* [TASK DATA]

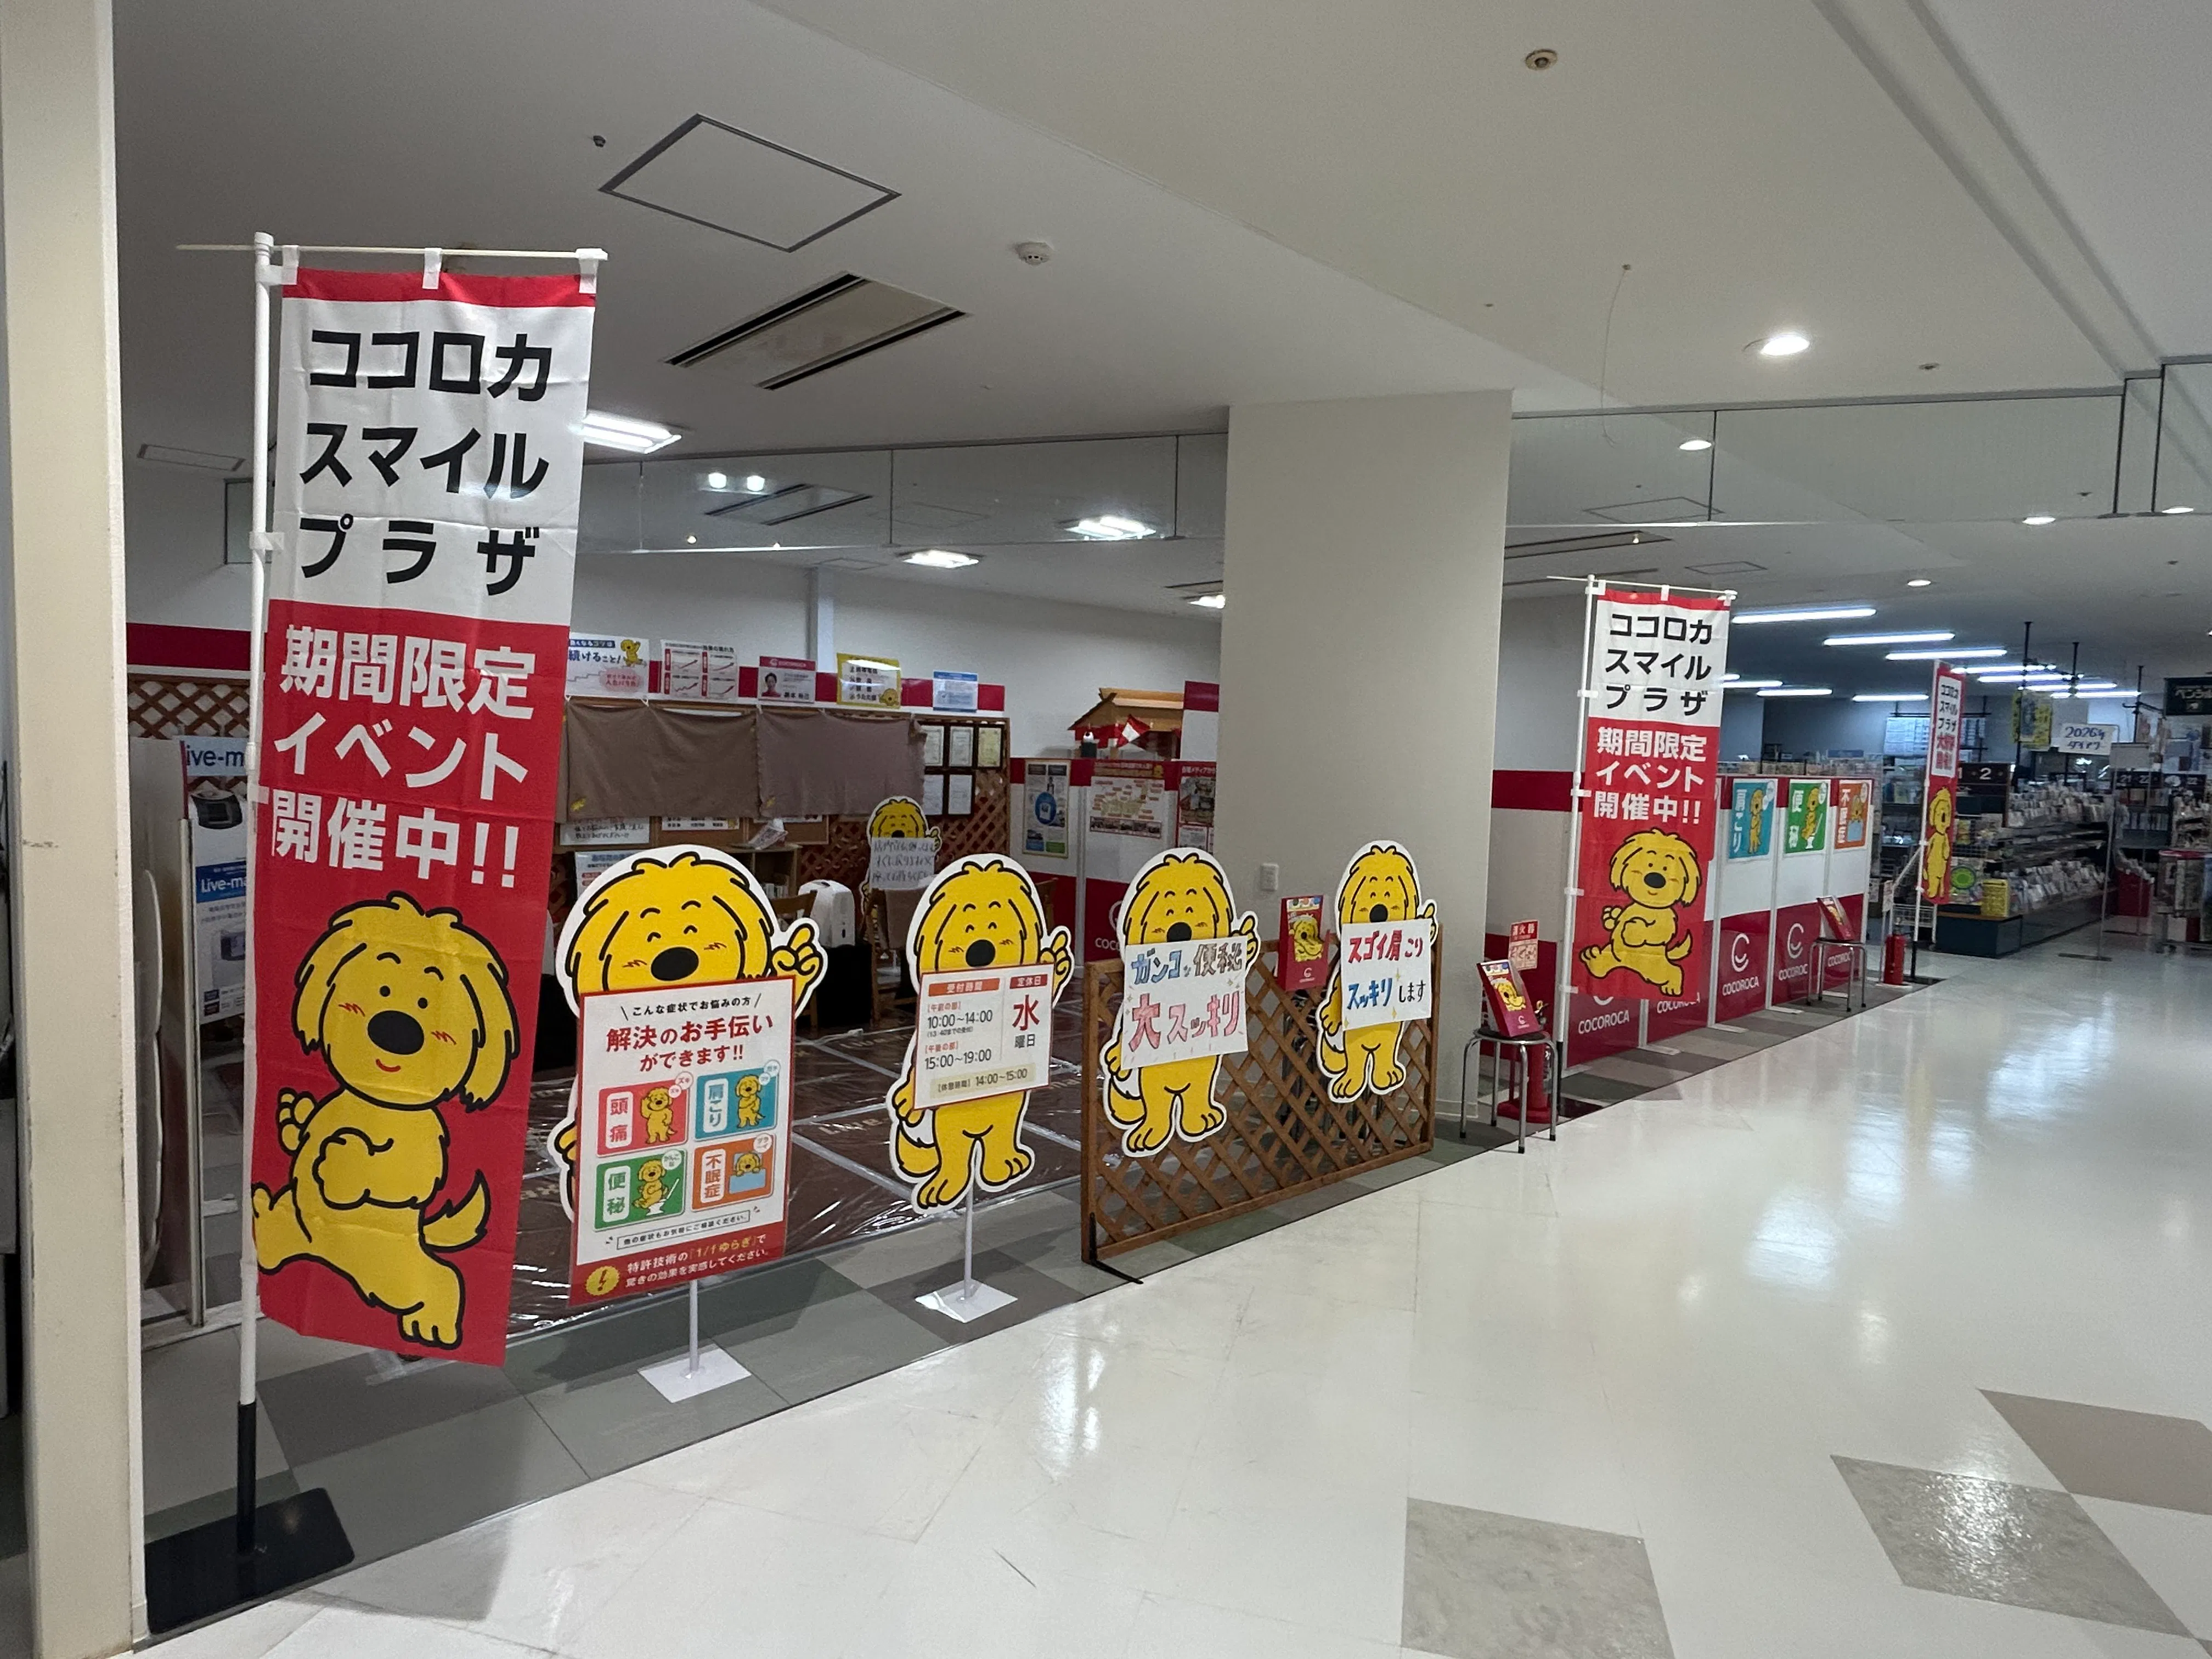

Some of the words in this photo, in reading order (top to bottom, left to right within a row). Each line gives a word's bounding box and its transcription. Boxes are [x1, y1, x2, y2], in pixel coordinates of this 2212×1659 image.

[310, 330, 552, 402] ココロカ
[299, 422, 550, 499] スマイル
[300, 513, 540, 596] プラザ
[1610, 613, 1712, 645] ココロカ
[279, 624, 538, 720] 期間限定
[1605, 648, 1712, 681] スマイル
[1606, 684, 1709, 716] プラザ
[187, 744, 245, 768] ive-m
[274, 712, 528, 801] イベント
[1597, 726, 1707, 762] 期間限定
[1595, 761, 1704, 793] イベント
[1979, 768, 1991, 780] 2
[1593, 790, 1701, 824] 開催中!!
[271, 788, 520, 888] 開催中!!
[1779, 963, 1808, 981] COCOROC
[1827, 951, 1852, 967] COCOROC
[946, 980, 983, 994] 受付時間
[1017, 976, 1042, 987] 定休日
[1722, 976, 1759, 996] COCOROCA
[632, 996, 751, 1017] こんな症状でお悩みの方
[1012, 994, 1040, 1031] 水
[1128, 990, 1241, 1052] 大スッキリ
[1578, 1009, 1630, 1035] COCOROCA
[606, 1015, 774, 1053] 解決のお手伝い
[1014, 1034, 1036, 1049] 曜日
[640, 1045, 744, 1073] ができます!!
[610, 1097, 629, 1143] 頭痛
[703, 1154, 723, 1198] 不眠症
[607, 1172, 626, 1216] 便秘

* [TO DO] Output every line of the records exactly, excluding all pictures.

* [SOLUTION TO THIS TASK]
Some of the words in this photo, in reading order (top to bottom, left to right within a row). Each line gives a word's bounding box and its transcription. Boxes are [x1, y1, x2, y2], in pixel coordinates of this 2212×1659 image.

[310, 330, 552, 402] ココロカ
[299, 422, 550, 499] スマイル
[300, 513, 540, 596] プラザ
[1610, 613, 1712, 645] ココロカ
[279, 624, 538, 720] 期間限定
[1605, 648, 1712, 681] スマイル
[1606, 684, 1709, 716] プラザ
[187, 744, 245, 768] ive-m
[274, 712, 528, 801] イベント
[1597, 726, 1707, 762] 期間限定
[1595, 761, 1704, 793] イベント
[1979, 768, 1991, 780] 2
[1593, 790, 1701, 824] 開催中!!
[271, 788, 520, 888] 開催中!!
[1779, 963, 1808, 981] COCOROC
[1827, 951, 1852, 967] COCOROC
[946, 980, 983, 994] 受付時間
[1017, 976, 1042, 987] 定休日
[1722, 976, 1759, 996] COCOROCA
[632, 996, 751, 1017] こんな症状でお悩みの方
[1012, 994, 1040, 1031] 水
[1128, 990, 1241, 1052] 大スッキリ
[1578, 1009, 1630, 1035] COCOROCA
[606, 1015, 774, 1053] 解決のお手伝い
[1014, 1034, 1036, 1049] 曜日
[640, 1045, 744, 1073] ができます!!
[610, 1097, 629, 1143] 頭痛
[703, 1154, 723, 1198] 不眠症
[607, 1172, 626, 1216] 便秘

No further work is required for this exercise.